A word-for-word copy of the entries, with images excluded, is the expected answer.
***** Data shown
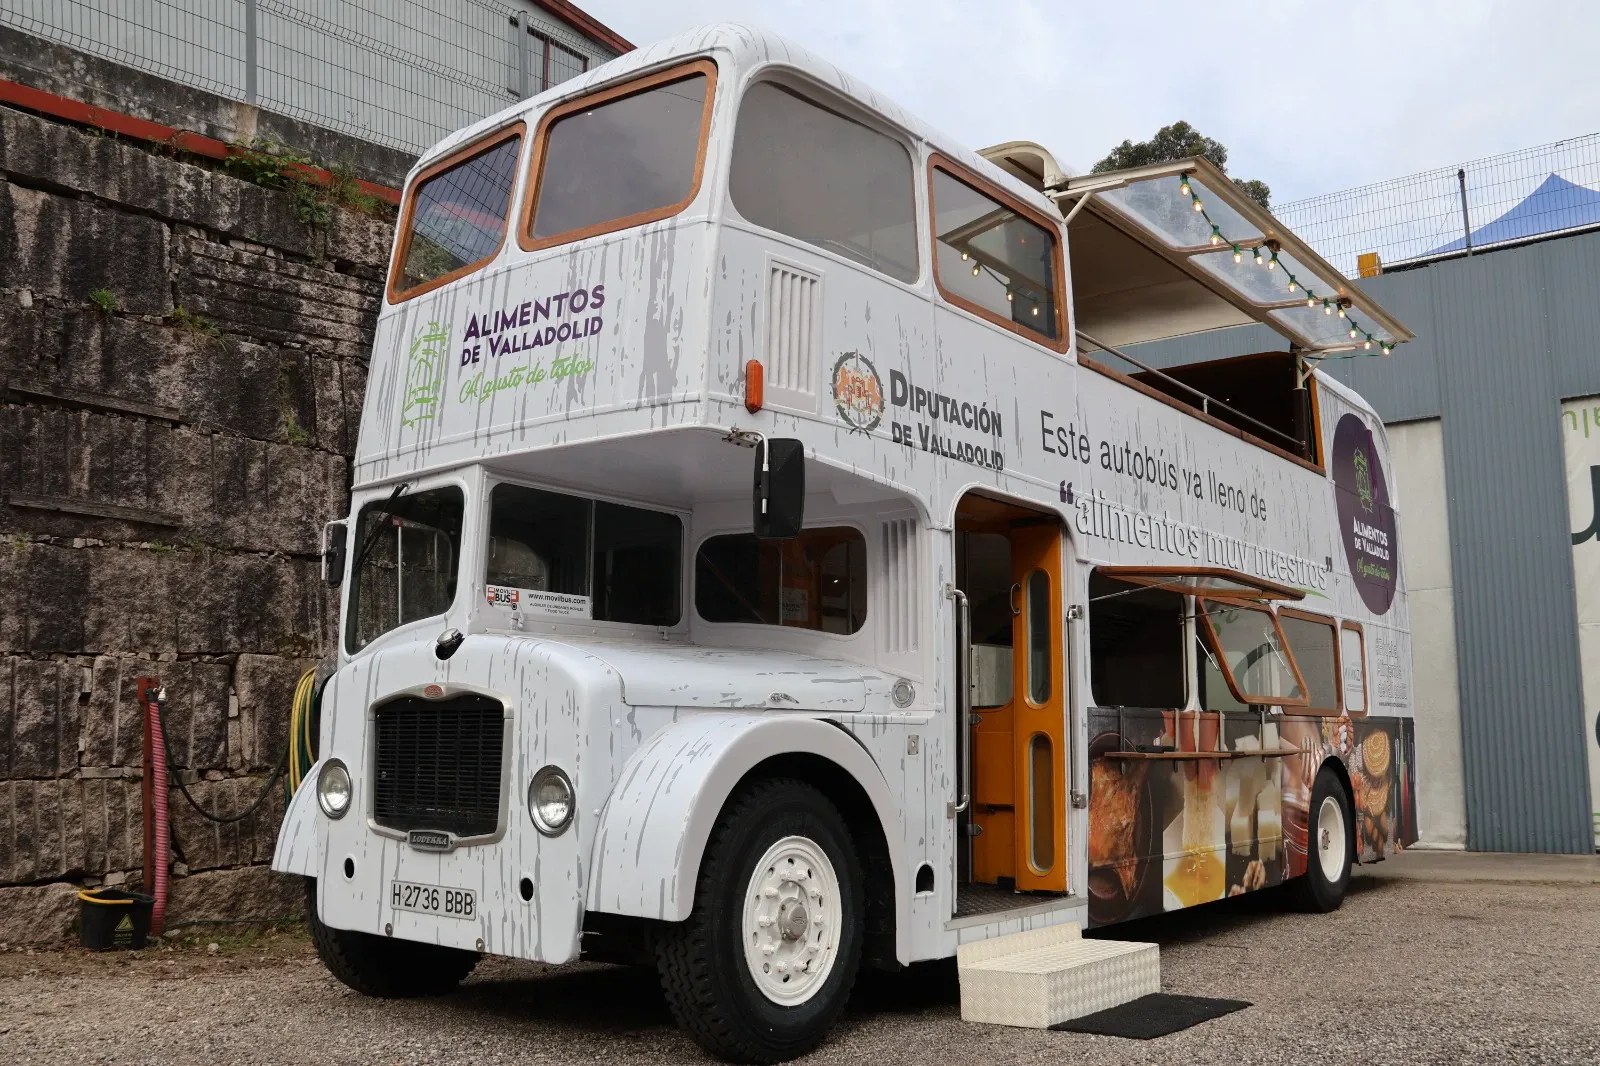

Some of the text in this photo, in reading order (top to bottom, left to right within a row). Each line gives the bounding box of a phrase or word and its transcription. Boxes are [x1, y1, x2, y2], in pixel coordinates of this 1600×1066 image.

[463, 285, 606, 342] ALIMENTOS
[461, 316, 604, 367] DE VALLADOLID
[481, 365, 528, 404] gusto
[526, 361, 548, 386] de
[550, 353, 595, 379] todos
[889, 368, 1003, 438] DIPUTACIÓN
[891, 420, 1004, 471] DE VALLADOLID
[1040, 409, 1267, 522] Este autobús va lleno de
[1206, 531, 1248, 573] muy
[1353, 515, 1388, 547] ALIMENTOS
[1362, 537, 1390, 561] VALLADOLID
[495, 593, 511, 603] BUS
[528, 593, 586, 605] www.movilbus.com
[411, 834, 449, 845] LODEKKA
[404, 885, 440, 911] 2736
[445, 890, 474, 916] BBB
**********
▶ Answer space:
Some of the text in this photo, in reading order (top to bottom, left to right within a row). Each line gives the bounding box of a phrase or word and its transcription. Boxes are [x1, y1, x2, y2], in pixel coordinates of this 1600×1066 image.

[463, 285, 606, 342] ALIMENTOS
[461, 316, 604, 367] DE VALLADOLID
[481, 365, 528, 404] gusto
[526, 361, 548, 386] de
[550, 353, 595, 379] todos
[889, 368, 1003, 438] DIPUTACIÓN
[891, 420, 1004, 471] DE VALLADOLID
[1040, 409, 1267, 522] Este autobús va lleno de
[1206, 531, 1248, 573] muy
[1353, 515, 1388, 547] ALIMENTOS
[1362, 537, 1390, 561] VALLADOLID
[495, 593, 511, 603] BUS
[528, 593, 586, 605] www.movilbus.com
[411, 834, 449, 845] LODEKKA
[404, 885, 440, 911] 2736
[445, 890, 474, 916] BBB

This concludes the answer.